Nachdem er mich nach Hause gezerrt hatte, taten die daheim alle so, als würden sie mich nicht kennen. Ihr Blick unterschied sich in nichts von dem der anderen. Nachdem ich mich ins Studierzimmer begeben hatte, wurde hinter mir die Tür zugeschlossen, als sperrte man ein Huhn oder eine Ente ein. Das alles gab mir noch mehr Rätsel auf.
Vor ein paar Tagen ist der Pächter aus Wolfsjungendorf gekommen, um über die dortige Dürre Bericht zu erstatten. Meinem Bruder erzählte er bei der Gelegenheit, man habe einen äußerst üblen Kerl im Dorf zu Tode geprügelt. Einige hätten sein Herz und seine Leber herausgerissen, in Öl gebraten und aufgegessen, um so ihren Mut zu stärken. Als ich mir eine Bemerkung erlaubte, warfen mir der Pächter und mein Bruder ein paar Blicke zu. Heute erst weiß ich, ihre Augen waren genauso wie die der Leute auf der Straße.
Der bloße Gedanke daran jagt mir eiskalten Schauer über den Rücken. Sie sind in der Lage, Menschen zu fressen, warum dann nicht auch mich? Ganz offensichtlich handelt es sich bei den Worten jener Frau (»Ich könnte dich zerfleischen!«), bei dem Gelächter der Leute mit den schwarz-grünen Gesichtern und den Hauerzähnen und auch bei dem, was der Pächter sagte, um Geheimzeichen. Ja, ich habe es erkannt, ihre Worte sind nichts als Gift, in ihrem Lachen lauern die Messer, ihre Zähne, diese weiß blitzenden Reihen, sind nur dazu da, um Menschen zu fressen.

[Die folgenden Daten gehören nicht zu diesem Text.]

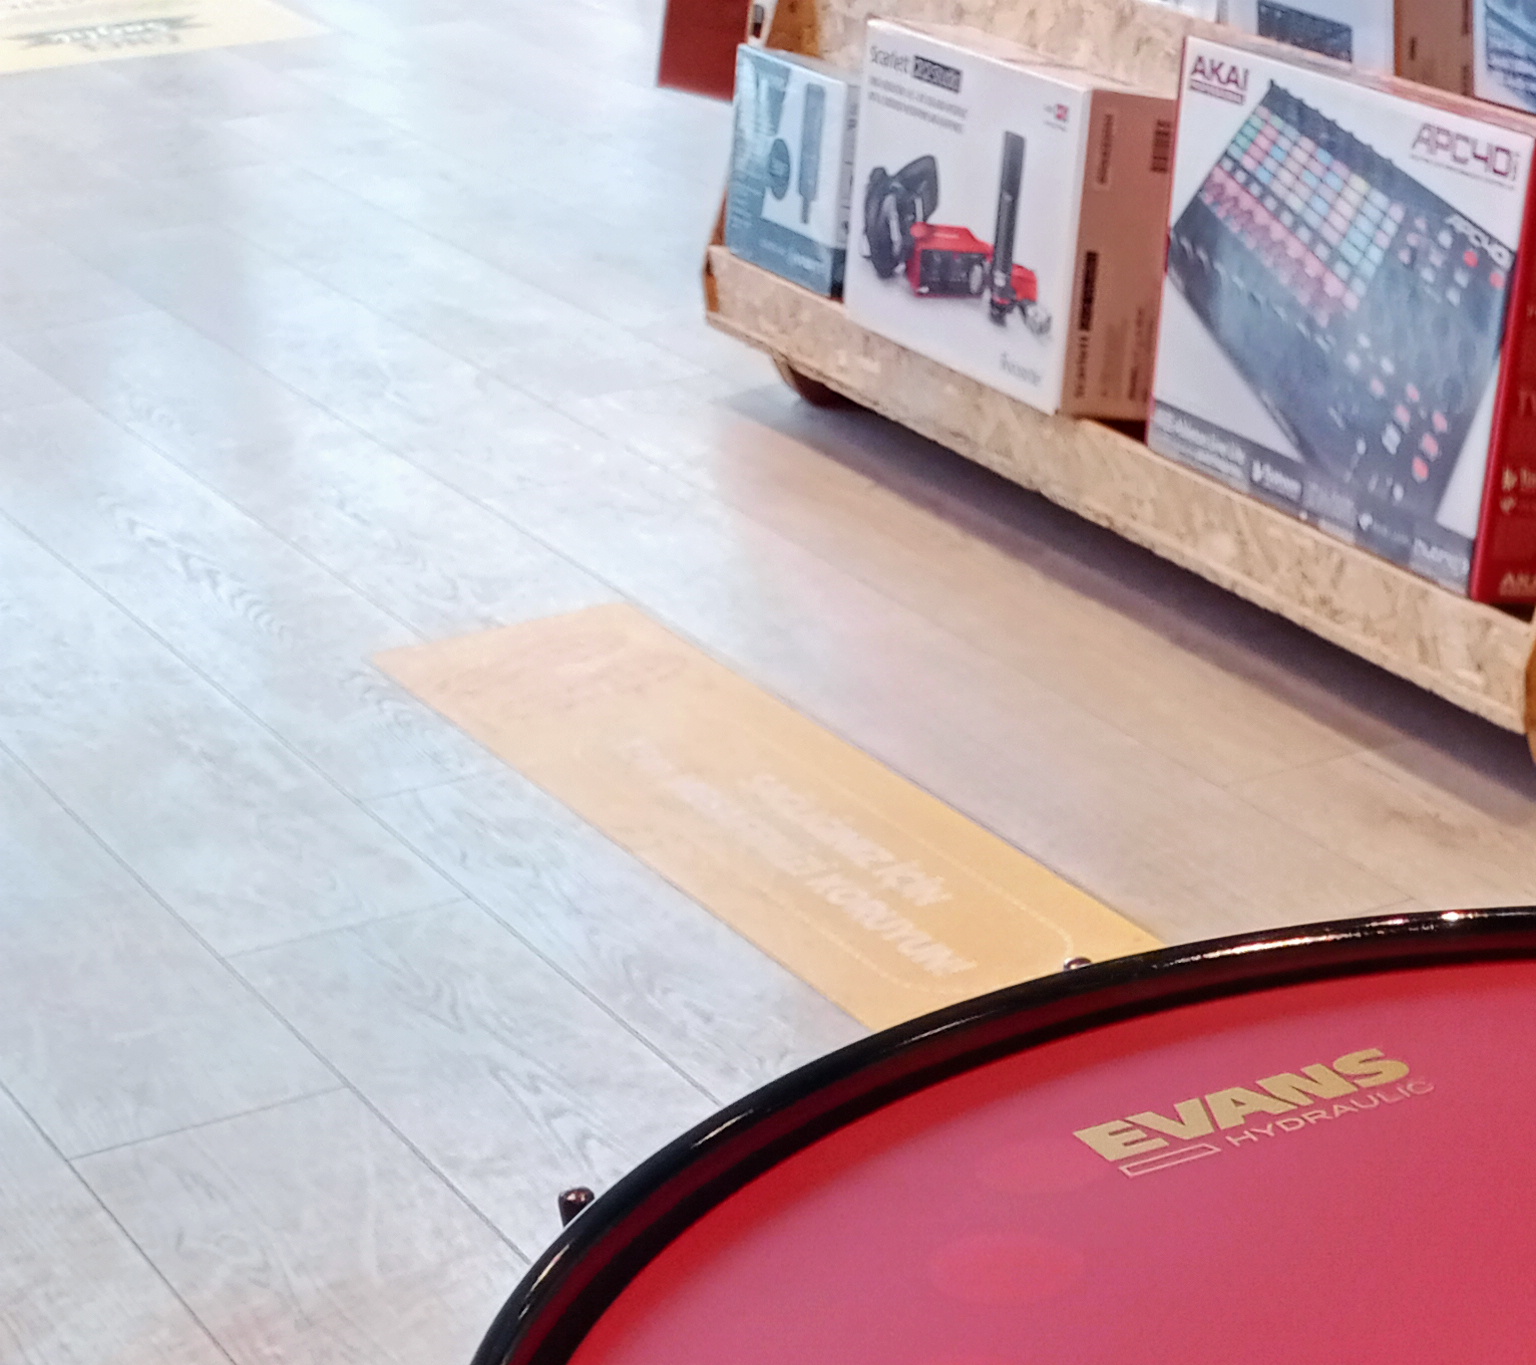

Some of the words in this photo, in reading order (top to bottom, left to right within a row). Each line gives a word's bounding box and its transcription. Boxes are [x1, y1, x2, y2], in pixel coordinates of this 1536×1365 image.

Wenn ich mich auch für keinen schlechten Menschen halte, so scheint mein Ruf doch angeschlagen zu sein, seit ich die Geschäftsbücher der Familie Feudal mit Füßen getreten habe. In den Leuten geht etwas vor, auf das ich mir einfach keinen Vers machen kann. Überdies ist in ihren Augen jeder, der ihnen nicht genehm ist, ein Übeltäter. Ich erinnere mich noch, wie mein Bruder, der mich im Aufsatz unterrichtete, immer die Passagen mit einem Kringel versah, in denen ich jemanden, und war er noch so gut, schlechtmachte. Fand ich jedoch für einen Tunichtgut Worte der Entschuldigung, dann sagte er: »Du stellst die Dinge auf den Kopf, das ist ungewöhnlich.« Wie kann ich wissen, was eigentlich in ihnen vorgeht, zumal sie Menschen fressen wollen?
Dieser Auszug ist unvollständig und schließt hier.